By Emily Moyer, Collections Care Assistant, The Gladys Brooks Book & Paper Conservation Laboratory
On December 11, Alan Balicki, chief conservator at the New York Historical Society, came to NYAM’s Gladys Brooks Book & Paper Conservation Laboratory to lead an afternoon workshop about the importance of disaster planning, response, and recovery. The Conservation Lab recently rolled out a comprehensive Collections Disaster Plan detailing the proper protocols for dealing with disasters and Alan’s workshop was a great way to cap off this project.
The most common risk that libraries face is flooding due to pipe leaks or severe weather conditions. All the staff from Center for the History of Medicine and Public Health as well as several members from the Facilities Department had the opportunity to see what happens when materials get wet (all items used were set to be discarded). Center staff members were also able to engage in hands-on experimentation on how to dry different items based on their materiality and to ask questions in a non-disaster setting. Staff were encouraged to return to the lab the next day to see how the items had dried and engage in conversation about best practices.

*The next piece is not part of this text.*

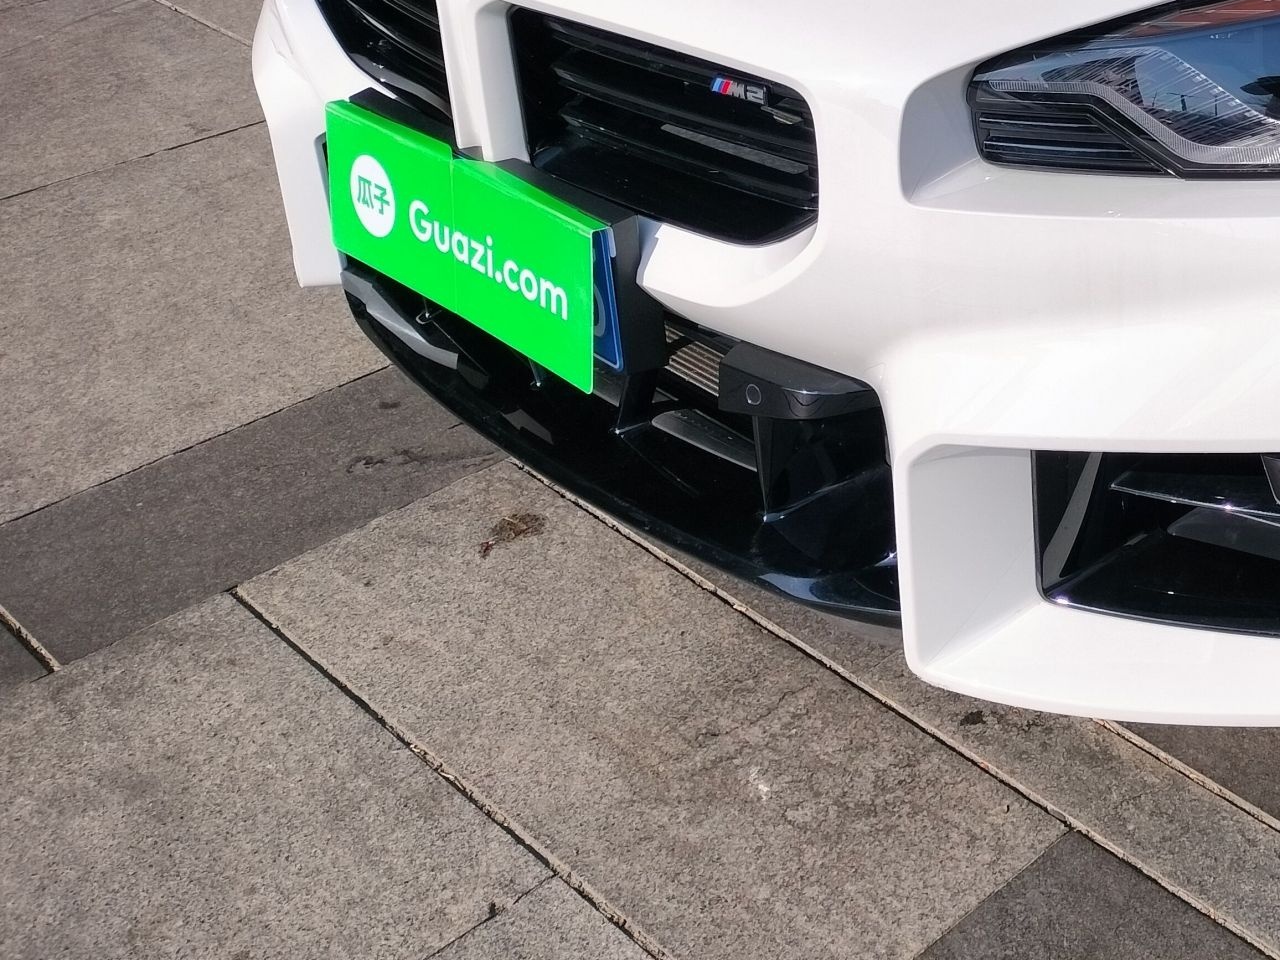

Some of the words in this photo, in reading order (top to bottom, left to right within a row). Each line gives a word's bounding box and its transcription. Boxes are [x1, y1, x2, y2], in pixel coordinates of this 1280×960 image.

[729, 80, 765, 105] M2
[357, 175, 391, 215] 瓜子
[409, 199, 569, 321] Guazi.com

We experimented with a variety of materials, including coated paper, leather covers, colored paper, shrink wrapped materials, photographs, audio-visual materials, and blueprints. Staff practiced interleaving soaked books, draping with plastic, and basic techniques for dealing with wet and fragile materials. Workshop participants dried materials using best practices (fanning and interleaving) as well as unorthodox methods (keeping the materials wet and closed) in order to compare the results. It was very instructive to witness how thoroughly books soaked up surrounding water, and how quickly coated paper began to “block,” or stick together, when wet. It was not surprising that some colored papers and Post-it notes bleed when wet, but seeing how quickly and dramatically they reacted to water was a good cautionary lesson. Conversely, it was encouraging to see how effectively shrink wrapping protected items from water.
Alan gave a thoughtful presentation on real-world dangers faced by libraries, and impressed the group with his capable and pragmatic approach to disaster planning. Thanks to everybody for a great learning experience, and especially to Alan for his time and expertise.